Anuga is celebrating its 100th anniversary this year. How would you summarize the evolution of the food industry over the past century and forecast its state over the next 100 years?

Lorenz Rau: Our eating behaviors have tremendously changed over the past century. The food industry has changed and developed over the decades in order to satisfy customer needs and consumer behavior. This industry is characterized by a complex system of activities concerning supply, consumption, and delivery of food products across the entire globe. Before WW II, all over the world, the people used to eat in very simple ways using only local and seasonal products as they were constrained to a geographical area. After the war, the processed food that was initially developed became important for grocery stores and restaurants in towns and cities. The food industry understood the importance of making food quickly, selling it cheaply and spending less time.

On the other hand, awareness about healthy nutrition was increasing. The industry had to invest a lot of money adapting to the consumers’ new requests but also maintaining the products’ appeal. Nowadays the global market is more open, and it is a lot easier to get access to other cultures and thus developing new varieties of food using ingredients and seasoning that have not been used in this mix before. In so doing, new trends are rising. Also technology-wise, the food industry has changed a lot throughout the years. Production has become more efficient and digitalization improves the surveying of processes during the production.

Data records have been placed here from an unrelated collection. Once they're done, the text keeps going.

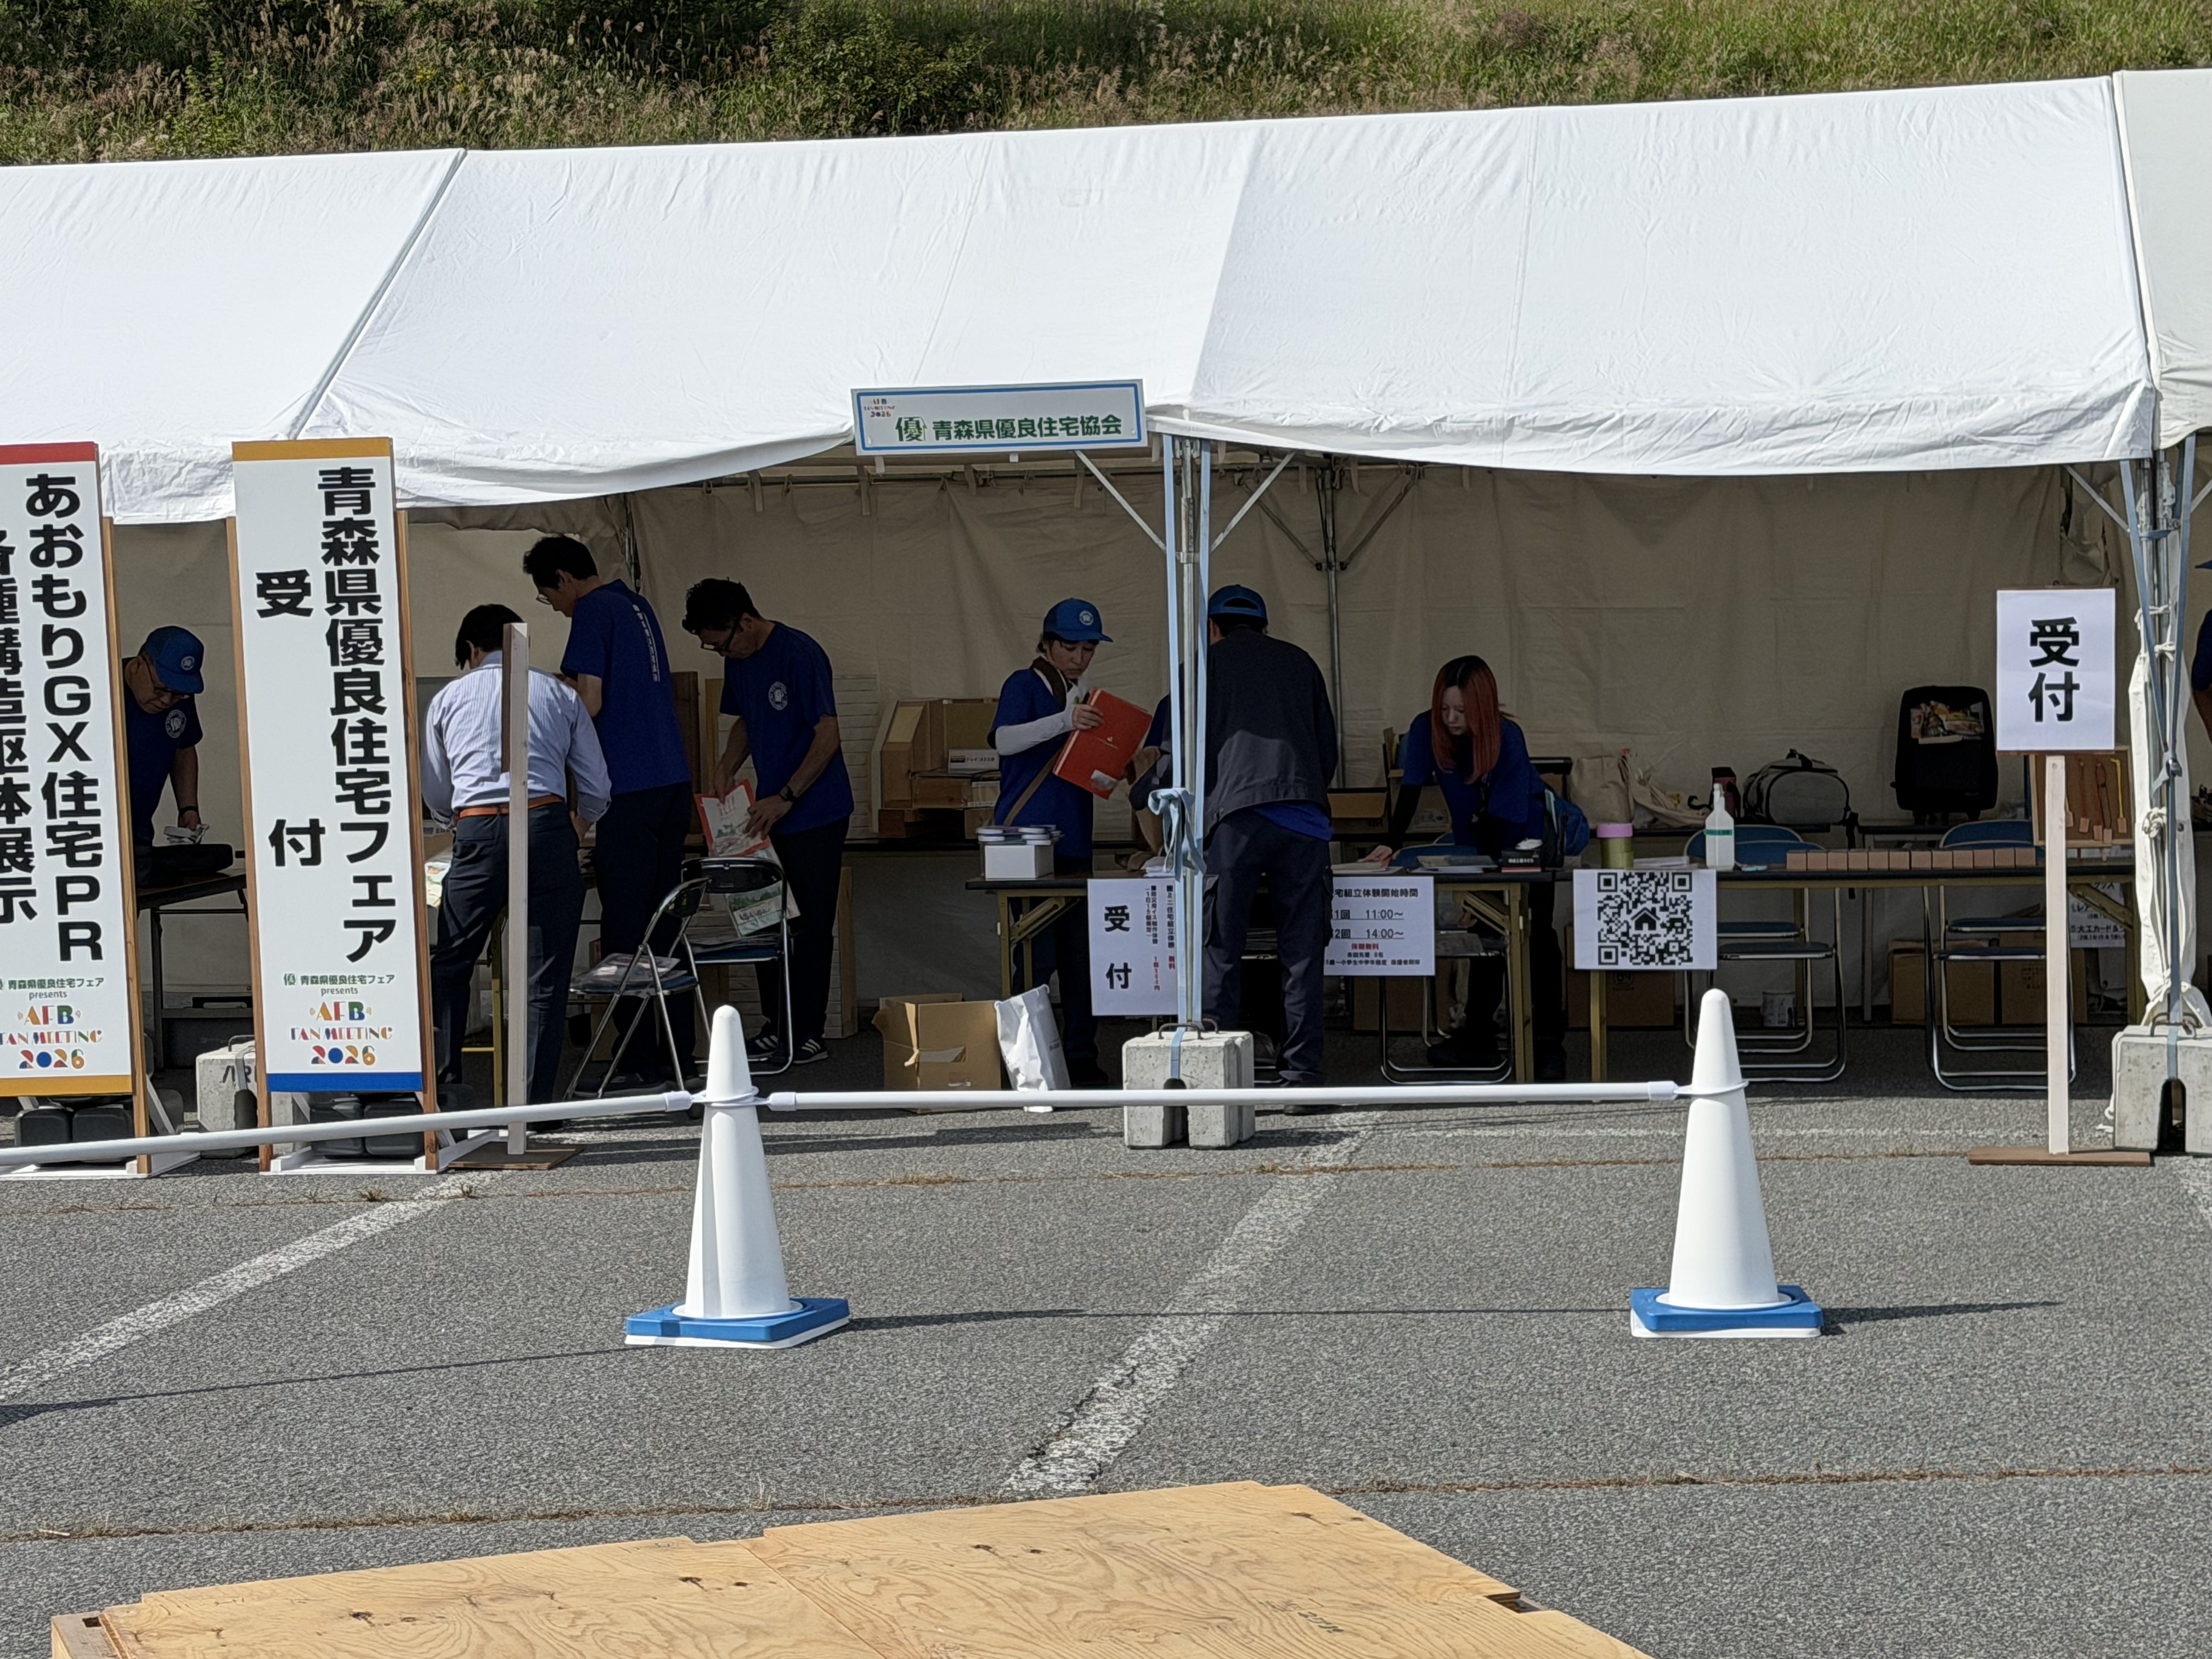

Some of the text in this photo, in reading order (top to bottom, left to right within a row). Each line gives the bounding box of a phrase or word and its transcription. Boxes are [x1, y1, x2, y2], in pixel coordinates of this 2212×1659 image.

[932, 414, 1121, 441] 青森県優良住宅協会
[2029, 616, 2080, 723] 受付
[26, 473, 104, 962] あおもりGX住宅PR
[317, 466, 397, 963] 青森県優良住宅フェア
[0, 530, 38, 924] 躯体展示
[1333, 888, 1419, 898] 宅組立体験開始時間
[1332, 909, 1351, 919] 1回
[1332, 929, 1351, 939] 2回
[8, 978, 104, 990] 青森県優良住宅フェア
[300, 974, 395, 986] 青森県優良住宅フェア
[29, 991, 67, 1001] presents
[321, 986, 359, 997] presents
[24, 1005, 75, 1025] AFB
[316, 1001, 365, 1021] AFB
[32, 1030, 103, 1045] MEETING
[324, 1026, 393, 1040] MEETING
[19, 1048, 85, 1069] 2026
[311, 1045, 376, 1065] 2026
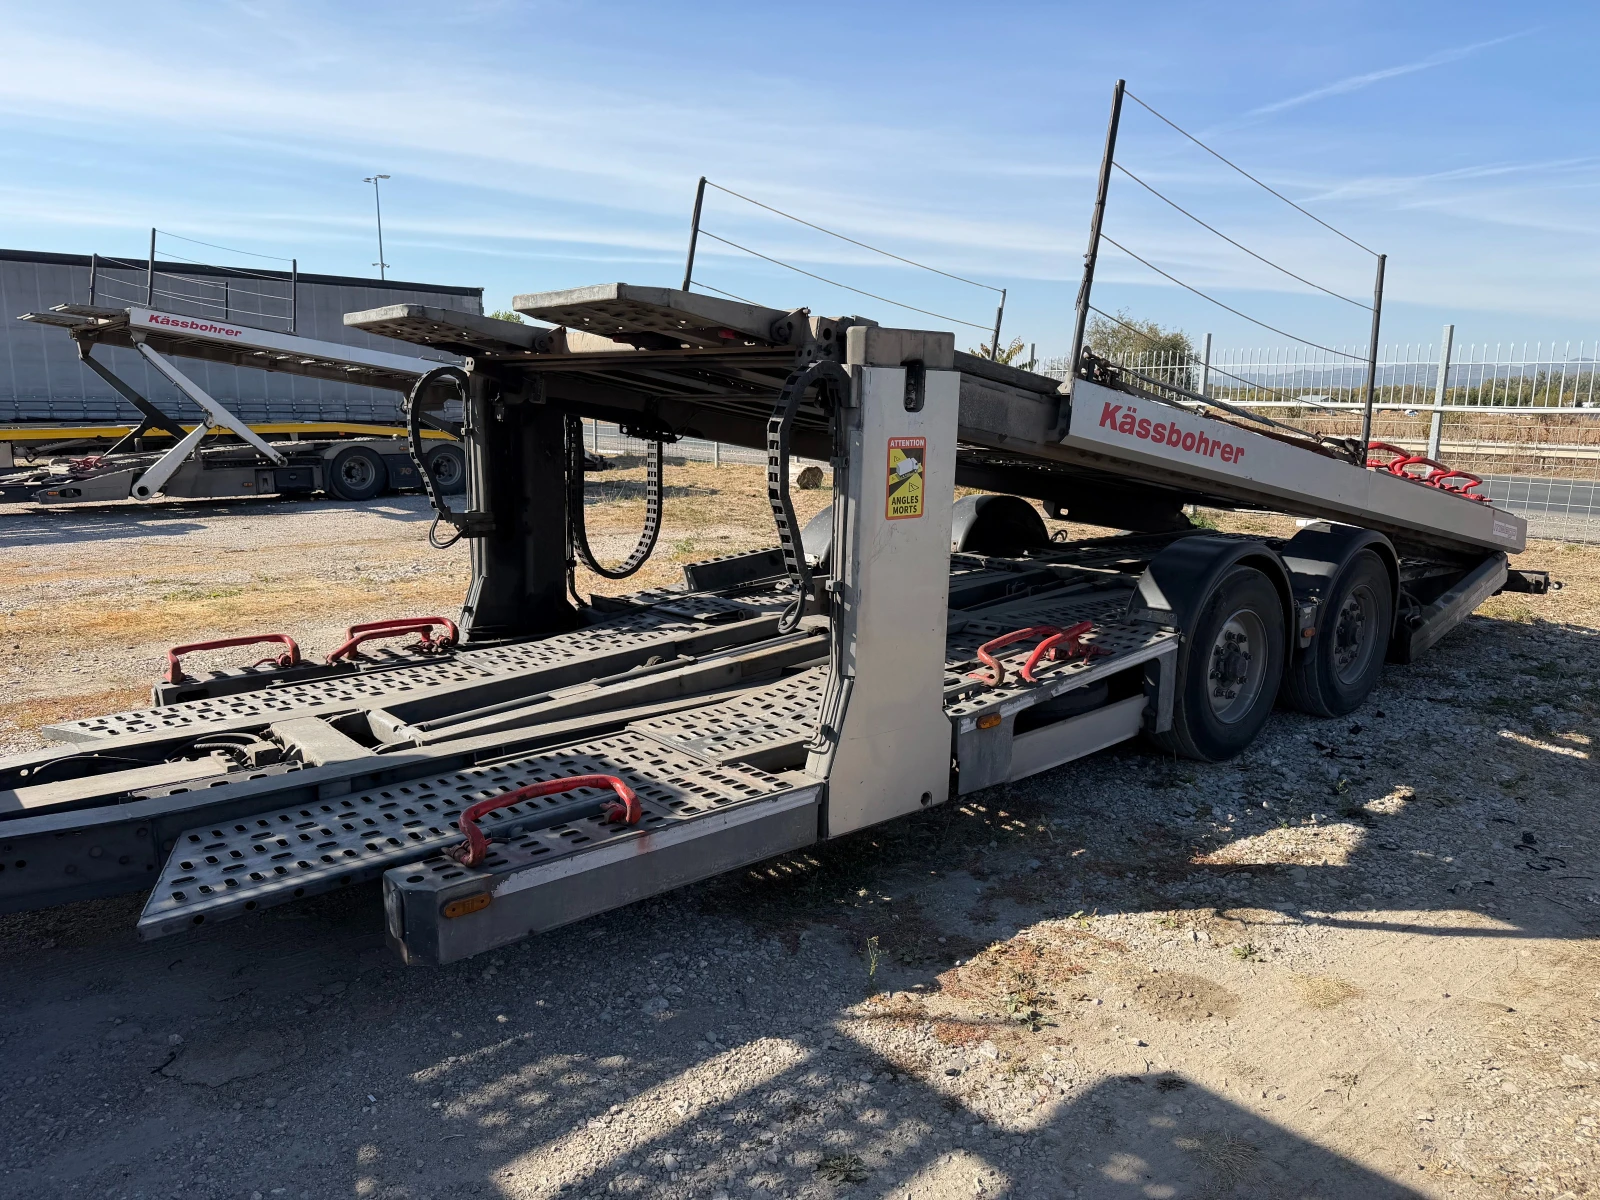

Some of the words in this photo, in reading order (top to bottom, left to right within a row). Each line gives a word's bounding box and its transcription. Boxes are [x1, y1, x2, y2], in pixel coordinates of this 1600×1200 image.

From a consumer’s point of view, we can say that they can decide from a much greater variety of food and beverages than ever. The biggest challenge will be in the next 50-100 years, how to feed more than 10-15 billion people considering restricted resources, climate changes, stronger demand for alternative ingredients or the fact that people are getting older than ever. The food industry has to go new ways in order to fulfill the demands of the consumers by developing sustainable ways of productions, using new technologies and digitalization or finding alternative ingredients.

What are some possible solutions in the industry’s narrative for the food challenges ahead?

Lorenz Rau: Plant-based nutrition, the usage of alternative proteins like insects or in-vitro meat developed in laboratories from cultivated stem cells are just a few new solutions that can be named here. But these examples show that we can expect totally new ways of how to produce food, but one challenge remains – the growing population and how to produce big amounts of food in order to feed the world. Especially, new technological developments and digitalization will have an impact on the food industry.